• WHAT IS NEEDED: Please give the data again in full, exactly as it reads.

• DATA FOR THE TASK:
■ ■ ■ ■ ■

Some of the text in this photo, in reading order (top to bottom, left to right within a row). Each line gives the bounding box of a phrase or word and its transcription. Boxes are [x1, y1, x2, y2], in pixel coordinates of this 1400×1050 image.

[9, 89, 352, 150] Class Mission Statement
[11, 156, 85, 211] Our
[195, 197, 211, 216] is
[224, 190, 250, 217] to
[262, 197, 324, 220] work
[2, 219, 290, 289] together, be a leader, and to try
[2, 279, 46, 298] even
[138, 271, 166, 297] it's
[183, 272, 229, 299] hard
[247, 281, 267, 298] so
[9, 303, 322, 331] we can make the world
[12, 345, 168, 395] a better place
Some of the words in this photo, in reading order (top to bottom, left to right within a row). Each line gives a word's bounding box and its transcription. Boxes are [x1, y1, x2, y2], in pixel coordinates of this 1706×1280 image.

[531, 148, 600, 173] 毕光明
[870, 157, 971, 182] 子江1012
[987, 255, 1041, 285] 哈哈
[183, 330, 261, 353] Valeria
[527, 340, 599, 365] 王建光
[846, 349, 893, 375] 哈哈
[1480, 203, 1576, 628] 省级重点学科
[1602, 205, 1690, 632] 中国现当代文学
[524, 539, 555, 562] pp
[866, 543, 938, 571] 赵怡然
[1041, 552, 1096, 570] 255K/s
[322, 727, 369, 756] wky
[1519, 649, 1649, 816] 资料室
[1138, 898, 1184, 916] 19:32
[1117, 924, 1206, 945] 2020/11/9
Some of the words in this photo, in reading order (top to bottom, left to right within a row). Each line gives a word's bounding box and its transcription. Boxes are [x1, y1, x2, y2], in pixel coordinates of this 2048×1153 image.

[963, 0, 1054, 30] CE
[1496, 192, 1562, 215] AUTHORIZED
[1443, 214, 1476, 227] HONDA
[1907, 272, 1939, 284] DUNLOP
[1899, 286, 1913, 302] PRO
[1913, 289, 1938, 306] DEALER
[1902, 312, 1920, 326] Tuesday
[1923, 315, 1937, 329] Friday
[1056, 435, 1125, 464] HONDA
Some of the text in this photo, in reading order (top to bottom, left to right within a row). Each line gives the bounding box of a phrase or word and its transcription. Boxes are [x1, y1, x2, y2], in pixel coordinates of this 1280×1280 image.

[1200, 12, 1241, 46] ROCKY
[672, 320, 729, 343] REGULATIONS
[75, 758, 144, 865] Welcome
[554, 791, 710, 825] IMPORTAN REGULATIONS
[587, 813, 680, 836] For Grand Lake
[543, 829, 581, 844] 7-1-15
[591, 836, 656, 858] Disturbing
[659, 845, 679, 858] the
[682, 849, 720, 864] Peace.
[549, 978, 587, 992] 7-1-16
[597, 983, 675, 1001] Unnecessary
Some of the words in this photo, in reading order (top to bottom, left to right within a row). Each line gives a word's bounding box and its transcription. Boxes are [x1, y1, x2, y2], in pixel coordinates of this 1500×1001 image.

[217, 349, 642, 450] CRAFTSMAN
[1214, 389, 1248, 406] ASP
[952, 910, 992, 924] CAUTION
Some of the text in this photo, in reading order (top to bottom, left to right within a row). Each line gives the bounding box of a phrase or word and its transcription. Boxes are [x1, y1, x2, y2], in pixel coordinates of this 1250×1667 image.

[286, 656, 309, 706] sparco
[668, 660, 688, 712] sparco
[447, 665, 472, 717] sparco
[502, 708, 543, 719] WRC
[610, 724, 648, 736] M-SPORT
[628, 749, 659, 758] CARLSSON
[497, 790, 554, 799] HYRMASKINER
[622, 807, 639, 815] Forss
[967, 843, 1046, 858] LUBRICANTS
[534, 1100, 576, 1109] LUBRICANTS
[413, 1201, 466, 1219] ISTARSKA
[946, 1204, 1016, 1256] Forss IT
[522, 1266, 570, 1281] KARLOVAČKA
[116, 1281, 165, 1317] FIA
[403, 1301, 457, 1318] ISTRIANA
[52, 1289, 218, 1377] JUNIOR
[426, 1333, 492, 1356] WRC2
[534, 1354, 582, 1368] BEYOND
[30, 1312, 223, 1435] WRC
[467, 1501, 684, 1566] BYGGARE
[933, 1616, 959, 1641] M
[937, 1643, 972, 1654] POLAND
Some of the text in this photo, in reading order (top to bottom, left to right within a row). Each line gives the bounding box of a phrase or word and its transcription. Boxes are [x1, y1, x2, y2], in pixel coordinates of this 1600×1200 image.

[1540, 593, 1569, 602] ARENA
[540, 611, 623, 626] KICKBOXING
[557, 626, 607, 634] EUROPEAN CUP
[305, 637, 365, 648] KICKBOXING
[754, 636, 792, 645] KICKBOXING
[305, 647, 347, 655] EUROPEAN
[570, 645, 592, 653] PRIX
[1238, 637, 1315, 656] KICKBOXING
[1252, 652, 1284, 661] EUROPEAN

■ ■ ■ ■ ■

• OUTPUT BELOW:
Some of the text in this photo, in reading order (top to bottom, left to right within a row). Each line gives the bounding box of a phrase or word and its transcription. Boxes are [x1, y1, x2, y2], in pixel coordinates of this 1400×1050 image.

[9, 89, 352, 150] Class Mission Statement
[11, 156, 85, 211] Our
[195, 197, 211, 216] is
[224, 190, 250, 217] to
[262, 197, 324, 220] work
[2, 219, 290, 289] together, be a leader, and to try
[2, 279, 46, 298] even
[138, 271, 166, 297] it's
[183, 272, 229, 299] hard
[247, 281, 267, 298] so
[9, 303, 322, 331] we can make the world
[12, 345, 168, 395] a better place
Some of the words in this photo, in reading order (top to bottom, left to right within a row). Each line gives a word's bounding box and its transcription. Boxes are [x1, y1, x2, y2], in pixel coordinates of this 1706×1280 image.

[531, 148, 600, 173] 毕光明
[870, 157, 971, 182] 子江1012
[987, 255, 1041, 285] 哈哈
[183, 330, 261, 353] Valeria
[527, 340, 599, 365] 王建光
[846, 349, 893, 375] 哈哈
[1480, 203, 1576, 628] 省级重点学科
[1602, 205, 1690, 632] 中国现当代文学
[524, 539, 555, 562] pp
[866, 543, 938, 571] 赵怡然
[1041, 552, 1096, 570] 255K/s
[322, 727, 369, 756] wky
[1519, 649, 1649, 816] 资料室
[1138, 898, 1184, 916] 19:32
[1117, 924, 1206, 945] 2020/11/9
Some of the words in this photo, in reading order (top to bottom, left to right within a row). Each line gives a word's bounding box and its transcription. Boxes are [x1, y1, x2, y2], in pixel coordinates of this 2048×1153 image.

[963, 0, 1054, 30] CE
[1496, 192, 1562, 215] AUTHORIZED
[1443, 214, 1476, 227] HONDA
[1907, 272, 1939, 284] DUNLOP
[1899, 286, 1913, 302] PRO
[1913, 289, 1938, 306] DEALER
[1902, 312, 1920, 326] Tuesday
[1923, 315, 1937, 329] Friday
[1056, 435, 1125, 464] HONDA
Some of the text in this photo, in reading order (top to bottom, left to right within a row). Each line gives the bounding box of a phrase or word and its transcription. Boxes are [x1, y1, x2, y2], in pixel coordinates of this 1280×1280 image.

[1200, 12, 1241, 46] ROCKY
[672, 320, 729, 343] REGULATIONS
[75, 758, 144, 865] Welcome
[554, 791, 710, 825] IMPORTAN REGULATIONS
[587, 813, 680, 836] For Grand Lake
[543, 829, 581, 844] 7-1-15
[591, 836, 656, 858] Disturbing
[659, 845, 679, 858] the
[682, 849, 720, 864] Peace.
[549, 978, 587, 992] 7-1-16
[597, 983, 675, 1001] Unnecessary
Some of the words in this photo, in reading order (top to bottom, left to right within a row). Each line gives a word's bounding box and its transcription. Boxes are [x1, y1, x2, y2], in pixel coordinates of this 1500×1001 image.

[217, 349, 642, 450] CRAFTSMAN
[1214, 389, 1248, 406] ASP
[952, 910, 992, 924] CAUTION
Some of the text in this photo, in reading order (top to bottom, left to right within a row). Each line gives the bounding box of a phrase or word and its transcription. Boxes are [x1, y1, x2, y2], in pixel coordinates of this 1250×1667 image.

[286, 656, 309, 706] sparco
[668, 660, 688, 712] sparco
[447, 665, 472, 717] sparco
[502, 708, 543, 719] WRC
[610, 724, 648, 736] M-SPORT
[628, 749, 659, 758] CARLSSON
[497, 790, 554, 799] HYRMASKINER
[622, 807, 639, 815] Forss
[967, 843, 1046, 858] LUBRICANTS
[534, 1100, 576, 1109] LUBRICANTS
[413, 1201, 466, 1219] ISTARSKA
[946, 1204, 1016, 1256] Forss IT
[522, 1266, 570, 1281] KARLOVAČKA
[116, 1281, 165, 1317] FIA
[403, 1301, 457, 1318] ISTRIANA
[52, 1289, 218, 1377] JUNIOR
[426, 1333, 492, 1356] WRC2
[534, 1354, 582, 1368] BEYOND
[30, 1312, 223, 1435] WRC
[467, 1501, 684, 1566] BYGGARE
[933, 1616, 959, 1641] M
[937, 1643, 972, 1654] POLAND
Some of the text in this photo, in reading order (top to bottom, left to right within a row). Each line gives the bounding box of a phrase or word and its transcription. Boxes are [x1, y1, x2, y2], in pixel coordinates of this 1600×1200 image.

[1540, 593, 1569, 602] ARENA
[540, 611, 623, 626] KICKBOXING
[557, 626, 607, 634] EUROPEAN CUP
[305, 637, 365, 648] KICKBOXING
[754, 636, 792, 645] KICKBOXING
[305, 647, 347, 655] EUROPEAN
[570, 645, 592, 653] PRIX
[1238, 637, 1315, 656] KICKBOXING
[1252, 652, 1284, 661] EUROPEAN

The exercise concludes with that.